Sunday, July 28, 2013

Hoosier Boil

Since we are mostly empty nesters now, we are thinking of vacationing when (hopefully) a lot of other people are not - September.  We went to Cape Cod last September and had an absolute blast.  Sure, it was a little too cold to go swimming but we really didn't care about that.  Kathy and I spent an afternoon on the beach, absorbing some rays through our sweaters and letting the sound of the waves carry us away to a virtual place of peace and relaxation.

This year, John and I are thinking coastal again, but to the south.  Charleston, South Carolina and Savannah, Georgia sound like pretty interesting places and both look very promising in one important factor in all our vacation choices - food.

We've been researching the food in the part of the country almost as much as where to stay and what sights to see.  We discovered Low-Country Boil or Frogmore Stew.  Like any recipe that has been around a long time and is meant to feed a large number of people, the variations to this dish are endless.  But we found one that looked pretty darn easy and tried it a couple nights ago.  Thank you Trisha Yearwood.

We'll see if we make it to the Low-Country or if we end up somewhere else.  We're still contemplating.

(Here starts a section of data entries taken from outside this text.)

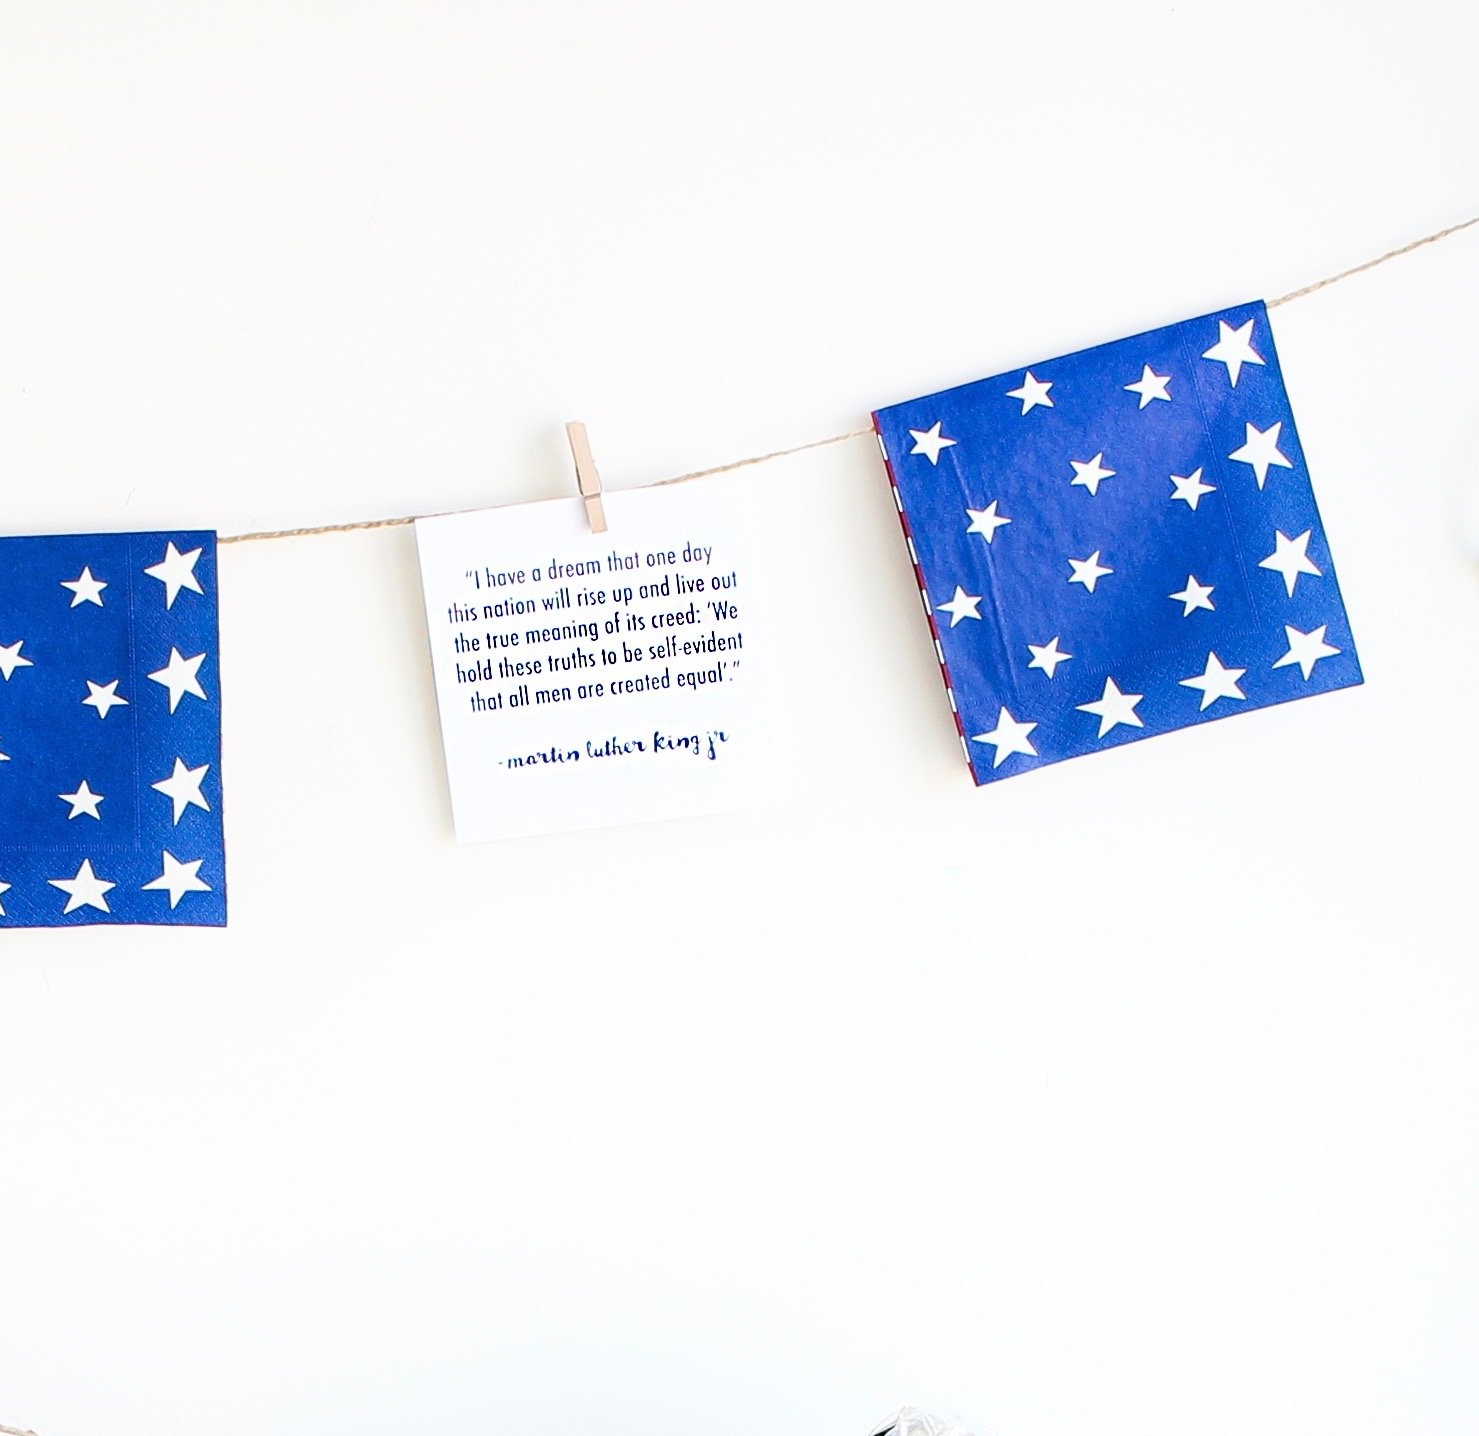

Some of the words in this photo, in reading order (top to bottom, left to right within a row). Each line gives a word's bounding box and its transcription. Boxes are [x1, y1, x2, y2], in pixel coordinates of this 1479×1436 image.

[485, 567, 526, 588] have
[531, 568, 542, 582] a
[547, 558, 601, 580] dream
[607, 550, 640, 572] that
[646, 551, 676, 568] one
[682, 540, 712, 566] day
[447, 602, 478, 624] this
[483, 599, 536, 620] nation
[541, 586, 571, 611] will
[577, 587, 606, 607] rise
[612, 587, 633, 607] up
[639, 574, 670, 599] and
[675, 573, 705, 595] live
[711, 571, 737, 591] out
[454, 632, 481, 654] the
[485, 632, 520, 650] true
[525, 619, 599, 645] meaning
[604, 611, 621, 635] of
[626, 614, 646, 632] its
[651, 601, 701, 629] creed:
[455, 658, 493, 684] hold
[498, 656, 542, 679] these
[547, 646, 596, 673] truths
[601, 648, 617, 666] to
[622, 641, 643, 663] be
[648, 630, 743, 660] self-evident
[470, 691, 503, 713] that
[509, 684, 530, 708] all
[535, 687, 572, 705] men
[577, 683, 604, 700] are
[610, 666, 671, 696] created
[586, 736, 646, 759] luther
[653, 730, 700, 756] king
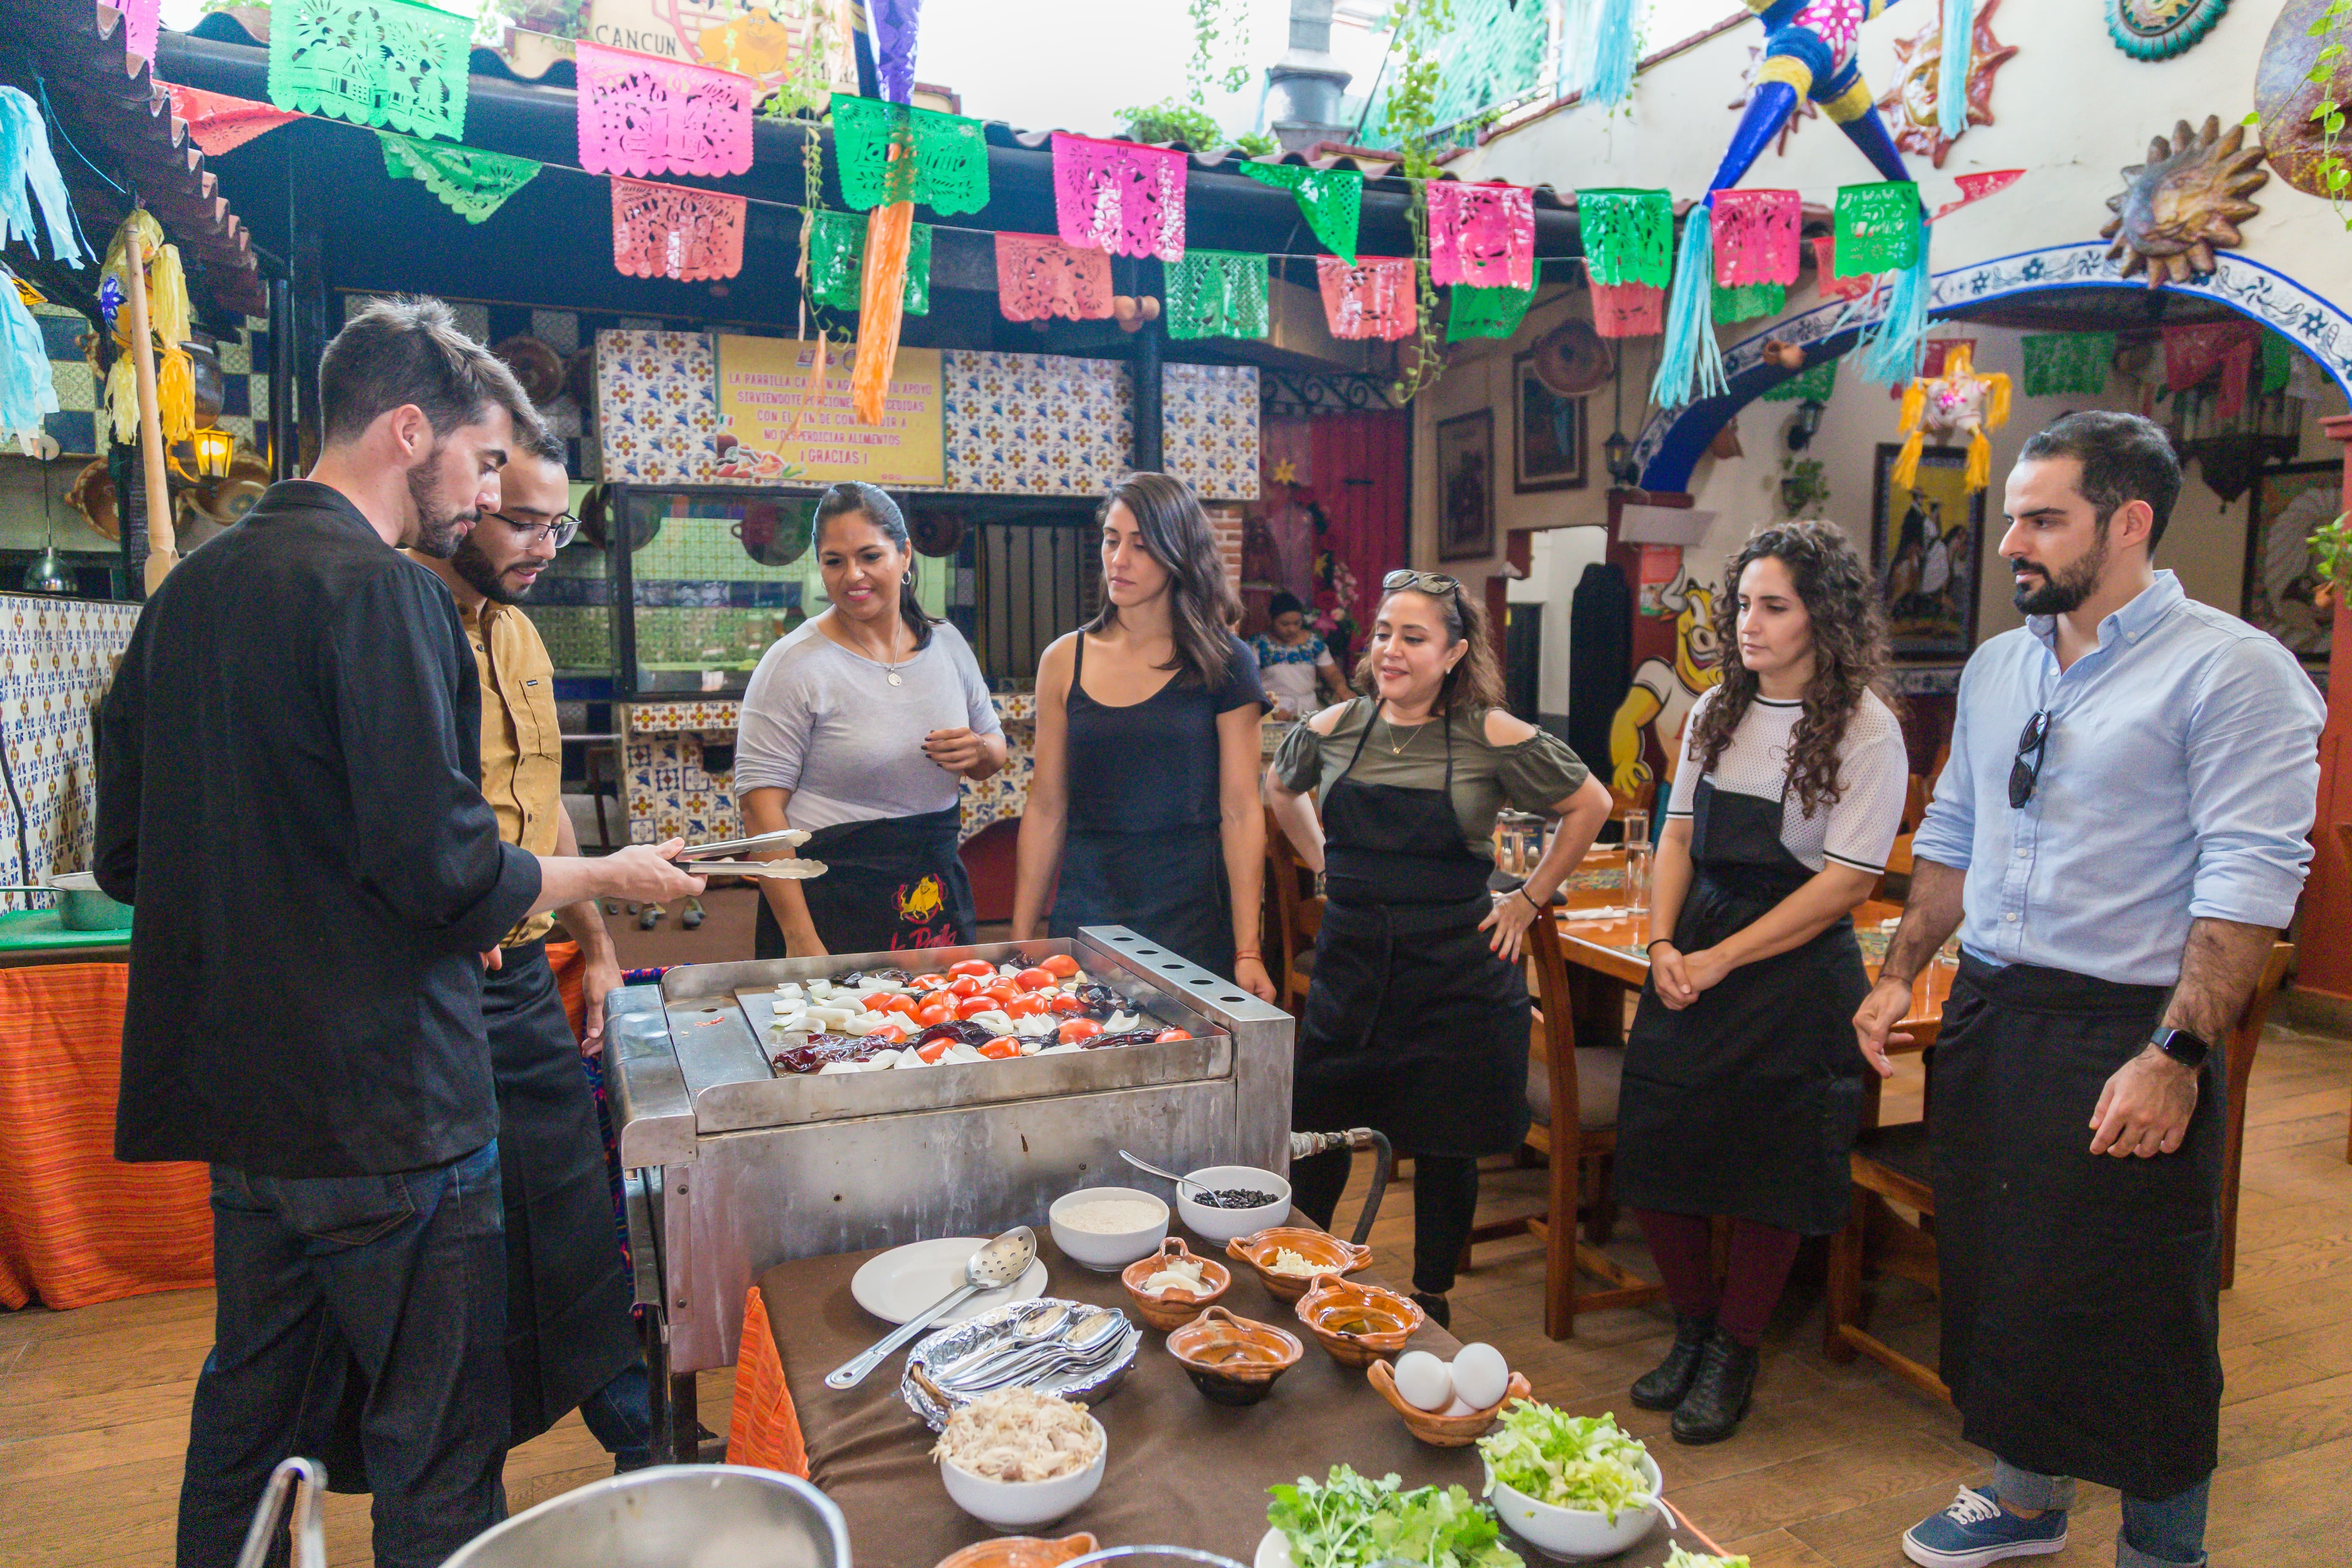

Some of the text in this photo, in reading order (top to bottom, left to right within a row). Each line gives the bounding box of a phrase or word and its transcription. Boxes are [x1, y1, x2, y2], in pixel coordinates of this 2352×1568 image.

[596, 24, 676, 56] CANCUN
[729, 372, 740, 384] LA
[745, 374, 790, 386] PARRILLA
[903, 383, 932, 395] APOYO
[737, 389, 801, 405] SIRVIÉNDOTE
[757, 410, 777, 421] CON
[782, 411, 792, 422] EL
[820, 413, 830, 423] DE
[901, 417, 906, 427] A
[764, 429, 777, 440] NO
[848, 433, 900, 445] ALIMENTOS
[808, 448, 859, 464] GRACIAS
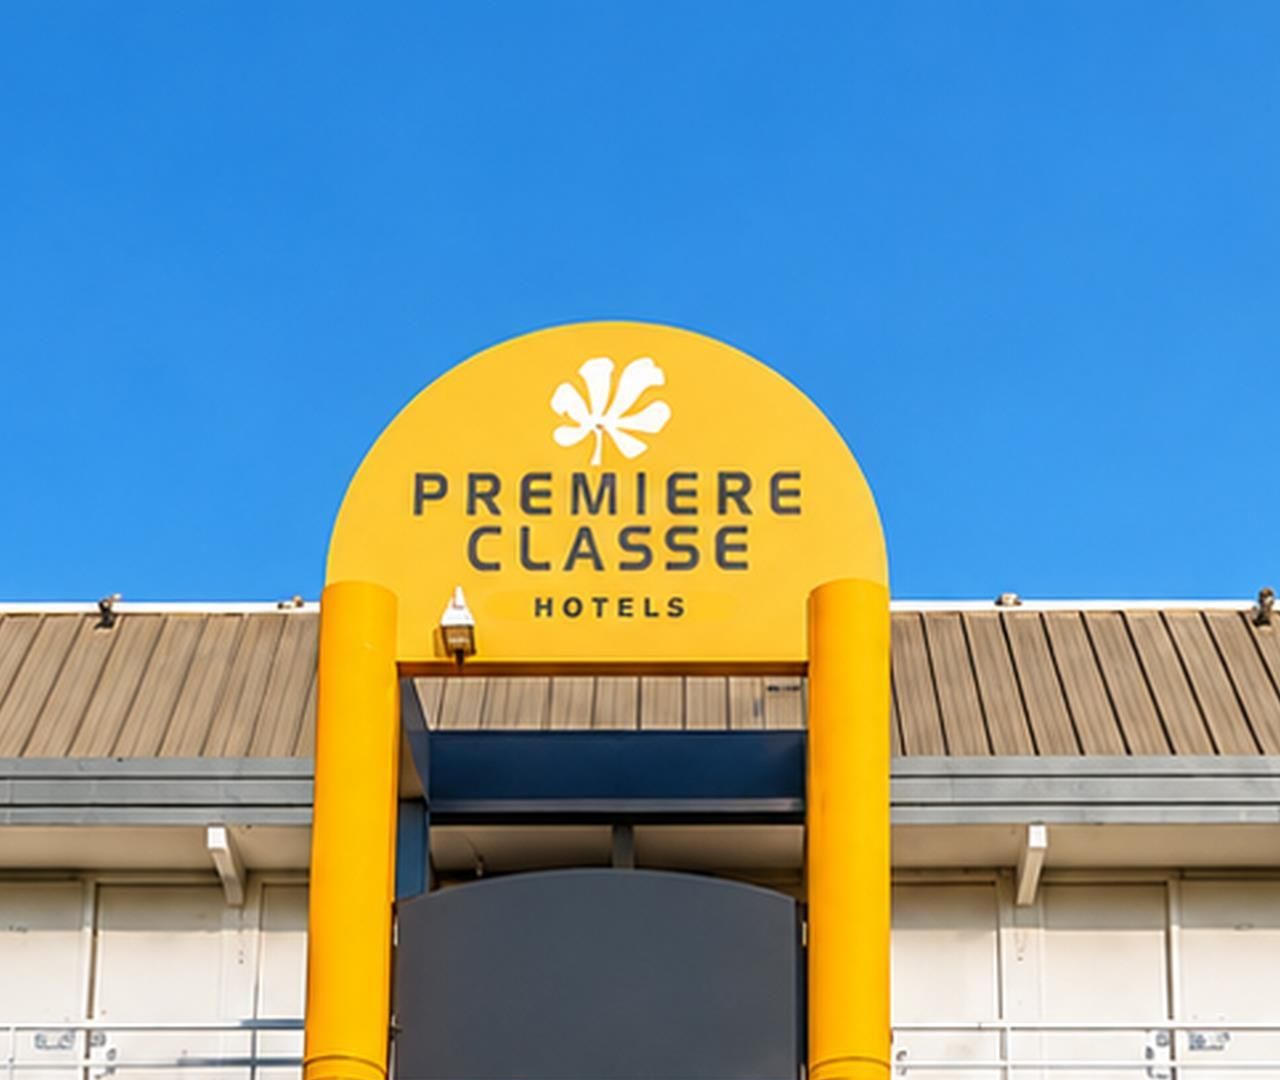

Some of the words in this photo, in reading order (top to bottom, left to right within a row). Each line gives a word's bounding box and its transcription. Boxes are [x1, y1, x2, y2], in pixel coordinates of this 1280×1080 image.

[413, 471, 802, 517] PREMIERE
[467, 524, 749, 572] CLASSE
[534, 596, 686, 619] HOTELS

But while I was making this stew the other night, it occurred to me that my mother used to make something very similar back in the day, when I was growing up in Indiana.  I think she made it mostly on Mondays (wash day) when she didn't have time to put much effort into dinner.  I always liked it and it became a comfort food for me over the years.  It's very easy and one thing I could make when John and I were first married.  My Chicago boy looked at me like I had 2 heads the first (and only) time I prepared it for our dinner.  That recipe was quickly filed under "Make only when John is out of town."  Later, the kids liked it or at least tolerated it for my sake.  So here is my Midwestern answer to Frogmore Stew--

Hoosier Boil

Potatoes (whatever kind you have, cut into chunks if they are large)
carrots, cut into chunks or baby carrots
onions, cut into chunks
green beans
smoked sausage (The real thing with all the fat.  None of that turkey stuff - what are you, nuts??)
garlic powder or salt

Throw the potatoes, carrots and onions in a pot with just enough water to cover the vegetables, cover and boil until everything is almost done and tender.  Add the green beans and sausage and simmer until everything is tender.

There you have the gist of it.  The quantities of the ingredients can be whatever you like.  Add other veggies and spices if the mood strikes you or if you have anything sitting in the fridge that would work.  (After making Low-Country Boil, I'm going to add corn on the cob pieces next time.  Everything from Indiana needs to include corn.)  I always smash up the potatoes and spoon some of the broth on them.  It adds a little of the smokey sausage flavor.

It is nothing fancy and it's pretty basic, but isn't that the way with most comfort food?